La Decisione N. 146 del Governo romeno, datata 12 marzo 2026, rivede il minimo salariale lordo nazionale, come stabilito dall’Art. 164(1) della Legge N. 53/2003 (Codice del Lavoro romeno). Il minimo salariale aggiornato, in vigore dal 1 luglio, aumenterà da 4.050 lei a 4.325 lei al mese (circa 850 euro), considerando un calendario di lavoro mensile pari a circa 166,67 ore. Di conseguenza, salario lordo orario minimo aumenterà a 25,949 lei.
Un dibattito acceso tra le parti sociali
La proposta del governo di aumentare il salario minimo è stata oggetto di un acceso dibattito tra le parti sociali. In particolare, le associazioni dei datori di lavoro e i sindacati hanno espresso posizioni contrastanti al riguardo. Da un lato, le associazioni dei datori di lavoro hanno sostenuto il mantenimento del salario minimo al livello attuale, sottolineando la necessità che l’economia si adegui alle pressioni sui costi esistenti. D’altro canto, i sindacati hanno promosso una revisione del salario minimo, sottolineando che un aumento è essenziale per controbilanciare le pressioni inflazionistiche e salvaguardare il potere d’acquisto dei lavoratori a basso reddito.
Impatto sull’economia locale
L’aumento del salario minimo dovrebbe avere effetti positivi sull’economia locale, ha spiegato il Ministero del Lavoro. In particolare, i risultati più significativi dovrebbero essere i seguenti:
- Una riduzione del lavoro sommerso;
- Un aumento dei tassi di occupazione tra i giovani e le donne;
- Un aumento dei consumi domestici, dovuto a una maggiore domanda di beni e servizi.

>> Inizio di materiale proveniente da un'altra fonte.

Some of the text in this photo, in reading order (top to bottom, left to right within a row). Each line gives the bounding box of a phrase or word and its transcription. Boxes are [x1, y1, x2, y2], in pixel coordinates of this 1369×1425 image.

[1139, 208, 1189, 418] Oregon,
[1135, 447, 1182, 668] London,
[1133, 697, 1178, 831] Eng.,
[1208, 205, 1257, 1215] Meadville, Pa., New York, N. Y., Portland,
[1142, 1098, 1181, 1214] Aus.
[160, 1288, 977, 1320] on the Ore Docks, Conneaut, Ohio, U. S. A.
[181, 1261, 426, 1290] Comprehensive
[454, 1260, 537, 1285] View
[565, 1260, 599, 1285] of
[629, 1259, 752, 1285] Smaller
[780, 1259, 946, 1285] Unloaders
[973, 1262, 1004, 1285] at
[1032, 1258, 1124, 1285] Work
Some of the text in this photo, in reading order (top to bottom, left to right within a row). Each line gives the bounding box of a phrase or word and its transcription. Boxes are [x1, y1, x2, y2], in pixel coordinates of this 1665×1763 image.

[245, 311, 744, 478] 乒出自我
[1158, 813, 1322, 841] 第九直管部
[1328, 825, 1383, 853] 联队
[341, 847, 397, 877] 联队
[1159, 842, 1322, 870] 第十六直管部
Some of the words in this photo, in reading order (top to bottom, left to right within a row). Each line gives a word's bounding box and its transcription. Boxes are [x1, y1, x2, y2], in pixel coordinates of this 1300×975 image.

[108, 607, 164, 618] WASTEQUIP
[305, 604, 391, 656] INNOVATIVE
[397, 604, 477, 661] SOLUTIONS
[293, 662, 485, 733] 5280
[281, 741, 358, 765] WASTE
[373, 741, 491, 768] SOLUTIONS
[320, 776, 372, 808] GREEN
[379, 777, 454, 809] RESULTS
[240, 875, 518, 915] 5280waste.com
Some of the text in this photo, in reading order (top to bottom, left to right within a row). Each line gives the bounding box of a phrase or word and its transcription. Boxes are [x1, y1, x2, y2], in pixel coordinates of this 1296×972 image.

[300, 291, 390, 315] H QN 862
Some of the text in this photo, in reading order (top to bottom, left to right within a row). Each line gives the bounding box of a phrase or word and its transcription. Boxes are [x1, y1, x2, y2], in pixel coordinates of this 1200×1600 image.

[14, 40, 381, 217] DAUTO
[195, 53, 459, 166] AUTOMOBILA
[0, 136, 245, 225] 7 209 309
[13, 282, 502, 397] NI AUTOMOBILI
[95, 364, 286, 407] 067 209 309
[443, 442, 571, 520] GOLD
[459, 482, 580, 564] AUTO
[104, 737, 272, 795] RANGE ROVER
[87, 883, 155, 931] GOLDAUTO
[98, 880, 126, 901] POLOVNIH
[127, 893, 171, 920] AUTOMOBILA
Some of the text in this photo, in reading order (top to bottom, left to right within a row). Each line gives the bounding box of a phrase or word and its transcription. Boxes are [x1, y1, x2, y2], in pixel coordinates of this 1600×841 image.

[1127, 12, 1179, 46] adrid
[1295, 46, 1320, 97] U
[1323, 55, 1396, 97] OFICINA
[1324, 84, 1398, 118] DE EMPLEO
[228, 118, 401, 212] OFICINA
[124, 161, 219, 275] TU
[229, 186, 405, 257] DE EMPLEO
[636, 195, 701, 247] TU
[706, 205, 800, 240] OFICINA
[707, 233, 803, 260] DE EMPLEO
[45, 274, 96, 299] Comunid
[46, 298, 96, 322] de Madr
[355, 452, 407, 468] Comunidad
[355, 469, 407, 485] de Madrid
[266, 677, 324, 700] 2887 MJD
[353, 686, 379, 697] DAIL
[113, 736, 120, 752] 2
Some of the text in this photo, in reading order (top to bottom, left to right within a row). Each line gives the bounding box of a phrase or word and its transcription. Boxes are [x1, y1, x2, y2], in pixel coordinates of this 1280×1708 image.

Inoltre, secondo le previsioni del governo, oltre 1,7 milioni di lavoratori beneficeranno dell’aumento del salario minimo. Si stima che l’impatto degli adeguamenti salariali sul bilancio nazionale ammonti a circa 622 milioni di lei, considerando il periodo compreso tra luglio e dicembre 2026.
Conclusioni
Nel complesso, si prevede che l’aumento salariale in vigore dal 1 luglio costituirà un volano per l’economia romena, aumentando il potere d’acquisto dei lavoratori. Inoltre, questa misura potrebbe riuscire ad allineare il salario minimo nazionale romeno agli obiettivi più ampi della politica salariale e adattarsi agli sviluppi economici.